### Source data

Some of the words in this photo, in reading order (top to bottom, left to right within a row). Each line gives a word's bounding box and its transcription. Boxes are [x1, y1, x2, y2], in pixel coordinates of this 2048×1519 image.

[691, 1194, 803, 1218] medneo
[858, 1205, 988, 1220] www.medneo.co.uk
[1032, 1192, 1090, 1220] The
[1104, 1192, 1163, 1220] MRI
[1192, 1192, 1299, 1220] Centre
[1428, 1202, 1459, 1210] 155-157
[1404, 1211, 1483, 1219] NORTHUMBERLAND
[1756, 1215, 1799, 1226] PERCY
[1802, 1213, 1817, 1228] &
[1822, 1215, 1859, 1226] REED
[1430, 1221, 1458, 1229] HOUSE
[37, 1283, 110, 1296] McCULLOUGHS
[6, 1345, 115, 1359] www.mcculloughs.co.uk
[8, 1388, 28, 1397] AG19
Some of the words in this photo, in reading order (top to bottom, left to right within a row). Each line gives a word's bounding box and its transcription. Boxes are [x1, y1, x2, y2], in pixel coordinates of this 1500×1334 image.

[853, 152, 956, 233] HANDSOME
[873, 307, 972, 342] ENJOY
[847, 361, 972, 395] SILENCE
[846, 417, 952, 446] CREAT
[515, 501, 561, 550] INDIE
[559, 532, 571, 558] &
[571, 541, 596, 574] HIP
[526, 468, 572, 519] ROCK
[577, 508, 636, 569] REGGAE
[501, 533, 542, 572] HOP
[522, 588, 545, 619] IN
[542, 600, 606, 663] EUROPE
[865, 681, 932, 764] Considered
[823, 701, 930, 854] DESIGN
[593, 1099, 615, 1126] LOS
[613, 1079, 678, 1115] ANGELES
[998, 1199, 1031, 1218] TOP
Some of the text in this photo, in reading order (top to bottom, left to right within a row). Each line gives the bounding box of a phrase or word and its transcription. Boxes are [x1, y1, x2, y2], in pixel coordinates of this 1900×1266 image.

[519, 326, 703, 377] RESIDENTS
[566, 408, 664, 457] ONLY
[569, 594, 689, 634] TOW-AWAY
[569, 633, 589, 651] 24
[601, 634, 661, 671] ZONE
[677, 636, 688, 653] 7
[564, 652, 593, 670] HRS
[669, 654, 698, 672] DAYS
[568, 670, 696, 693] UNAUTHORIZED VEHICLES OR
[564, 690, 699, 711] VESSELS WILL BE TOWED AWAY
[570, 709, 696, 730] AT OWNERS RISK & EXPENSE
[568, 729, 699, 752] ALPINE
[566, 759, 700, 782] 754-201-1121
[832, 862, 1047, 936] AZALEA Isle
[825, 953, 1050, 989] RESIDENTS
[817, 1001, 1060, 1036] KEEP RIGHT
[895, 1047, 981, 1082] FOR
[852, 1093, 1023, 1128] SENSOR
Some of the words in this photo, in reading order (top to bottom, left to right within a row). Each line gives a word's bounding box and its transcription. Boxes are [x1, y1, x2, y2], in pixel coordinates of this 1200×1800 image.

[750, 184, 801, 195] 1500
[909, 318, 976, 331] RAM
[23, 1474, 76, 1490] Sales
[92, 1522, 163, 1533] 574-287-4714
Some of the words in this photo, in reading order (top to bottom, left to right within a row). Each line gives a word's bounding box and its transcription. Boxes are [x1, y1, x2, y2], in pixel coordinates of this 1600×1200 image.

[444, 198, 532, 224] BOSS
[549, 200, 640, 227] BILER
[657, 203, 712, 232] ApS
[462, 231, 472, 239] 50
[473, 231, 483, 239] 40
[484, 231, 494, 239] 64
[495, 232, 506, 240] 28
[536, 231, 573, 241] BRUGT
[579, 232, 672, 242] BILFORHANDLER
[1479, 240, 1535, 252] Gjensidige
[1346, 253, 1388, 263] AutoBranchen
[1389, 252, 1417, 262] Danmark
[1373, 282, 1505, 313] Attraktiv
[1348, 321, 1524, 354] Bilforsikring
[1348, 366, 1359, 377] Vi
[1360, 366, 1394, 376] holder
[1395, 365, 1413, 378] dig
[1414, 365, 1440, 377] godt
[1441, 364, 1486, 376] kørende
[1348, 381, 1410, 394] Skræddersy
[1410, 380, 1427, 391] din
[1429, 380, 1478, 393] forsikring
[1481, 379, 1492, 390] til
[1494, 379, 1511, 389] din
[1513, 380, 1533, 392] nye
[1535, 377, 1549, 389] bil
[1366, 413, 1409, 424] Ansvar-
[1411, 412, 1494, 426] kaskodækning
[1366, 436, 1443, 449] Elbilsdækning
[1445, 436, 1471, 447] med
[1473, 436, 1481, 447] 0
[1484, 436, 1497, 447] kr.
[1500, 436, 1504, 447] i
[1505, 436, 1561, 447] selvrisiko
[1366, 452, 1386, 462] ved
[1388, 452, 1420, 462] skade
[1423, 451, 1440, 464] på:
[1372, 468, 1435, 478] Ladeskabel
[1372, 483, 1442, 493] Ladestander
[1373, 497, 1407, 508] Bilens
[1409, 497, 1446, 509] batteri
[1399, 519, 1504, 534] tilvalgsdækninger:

### Required action
Retype the records above in full, exactly.

### Answer for this exercise
Some of the words in this photo, in reading order (top to bottom, left to right within a row). Each line gives a word's bounding box and its transcription. Boxes are [x1, y1, x2, y2], in pixel coordinates of this 2048×1519 image.

[691, 1194, 803, 1218] medneo
[858, 1205, 988, 1220] www.medneo.co.uk
[1032, 1192, 1090, 1220] The
[1104, 1192, 1163, 1220] MRI
[1192, 1192, 1299, 1220] Centre
[1428, 1202, 1459, 1210] 155-157
[1404, 1211, 1483, 1219] NORTHUMBERLAND
[1756, 1215, 1799, 1226] PERCY
[1802, 1213, 1817, 1228] &
[1822, 1215, 1859, 1226] REED
[1430, 1221, 1458, 1229] HOUSE
[37, 1283, 110, 1296] McCULLOUGHS
[6, 1345, 115, 1359] www.mcculloughs.co.uk
[8, 1388, 28, 1397] AG19
Some of the words in this photo, in reading order (top to bottom, left to right within a row). Each line gives a word's bounding box and its transcription. Boxes are [x1, y1, x2, y2], in pixel coordinates of this 1500×1334 image.

[853, 152, 956, 233] HANDSOME
[873, 307, 972, 342] ENJOY
[847, 361, 972, 395] SILENCE
[846, 417, 952, 446] CREAT
[515, 501, 561, 550] INDIE
[559, 532, 571, 558] &
[571, 541, 596, 574] HIP
[526, 468, 572, 519] ROCK
[577, 508, 636, 569] REGGAE
[501, 533, 542, 572] HOP
[522, 588, 545, 619] IN
[542, 600, 606, 663] EUROPE
[865, 681, 932, 764] Considered
[823, 701, 930, 854] DESIGN
[593, 1099, 615, 1126] LOS
[613, 1079, 678, 1115] ANGELES
[998, 1199, 1031, 1218] TOP
Some of the text in this photo, in reading order (top to bottom, left to right within a row). Each line gives the bounding box of a phrase or word and its transcription. Boxes are [x1, y1, x2, y2], in pixel coordinates of this 1900×1266 image.

[519, 326, 703, 377] RESIDENTS
[566, 408, 664, 457] ONLY
[569, 594, 689, 634] TOW-AWAY
[569, 633, 589, 651] 24
[601, 634, 661, 671] ZONE
[677, 636, 688, 653] 7
[564, 652, 593, 670] HRS
[669, 654, 698, 672] DAYS
[568, 670, 696, 693] UNAUTHORIZED VEHICLES OR
[564, 690, 699, 711] VESSELS WILL BE TOWED AWAY
[570, 709, 696, 730] AT OWNERS RISK & EXPENSE
[568, 729, 699, 752] ALPINE
[566, 759, 700, 782] 754-201-1121
[832, 862, 1047, 936] AZALEA Isle
[825, 953, 1050, 989] RESIDENTS
[817, 1001, 1060, 1036] KEEP RIGHT
[895, 1047, 981, 1082] FOR
[852, 1093, 1023, 1128] SENSOR
Some of the words in this photo, in reading order (top to bottom, left to right within a row). Each line gives a word's bounding box and its transcription. Boxes are [x1, y1, x2, y2], in pixel coordinates of this 1200×1800 image.

[750, 184, 801, 195] 1500
[909, 318, 976, 331] RAM
[23, 1474, 76, 1490] Sales
[92, 1522, 163, 1533] 574-287-4714
Some of the words in this photo, in reading order (top to bottom, left to right within a row). Each line gives a word's bounding box and its transcription. Boxes are [x1, y1, x2, y2], in pixel coordinates of this 1600×1200 image.

[444, 198, 532, 224] BOSS
[549, 200, 640, 227] BILER
[657, 203, 712, 232] ApS
[462, 231, 472, 239] 50
[473, 231, 483, 239] 40
[484, 231, 494, 239] 64
[495, 232, 506, 240] 28
[536, 231, 573, 241] BRUGT
[579, 232, 672, 242] BILFORHANDLER
[1479, 240, 1535, 252] Gjensidige
[1346, 253, 1388, 263] AutoBranchen
[1389, 252, 1417, 262] Danmark
[1373, 282, 1505, 313] Attraktiv
[1348, 321, 1524, 354] Bilforsikring
[1348, 366, 1359, 377] Vi
[1360, 366, 1394, 376] holder
[1395, 365, 1413, 378] dig
[1414, 365, 1440, 377] godt
[1441, 364, 1486, 376] kørende
[1348, 381, 1410, 394] Skræddersy
[1410, 380, 1427, 391] din
[1429, 380, 1478, 393] forsikring
[1481, 379, 1492, 390] til
[1494, 379, 1511, 389] din
[1513, 380, 1533, 392] nye
[1535, 377, 1549, 389] bil
[1366, 413, 1409, 424] Ansvar-
[1411, 412, 1494, 426] kaskodækning
[1366, 436, 1443, 449] Elbilsdækning
[1445, 436, 1471, 447] med
[1473, 436, 1481, 447] 0
[1484, 436, 1497, 447] kr.
[1500, 436, 1504, 447] i
[1505, 436, 1561, 447] selvrisiko
[1366, 452, 1386, 462] ved
[1388, 452, 1420, 462] skade
[1423, 451, 1440, 464] på:
[1372, 468, 1435, 478] Ladeskabel
[1372, 483, 1442, 493] Ladestander
[1373, 497, 1407, 508] Bilens
[1409, 497, 1446, 509] batteri
[1399, 519, 1504, 534] tilvalgsdækninger:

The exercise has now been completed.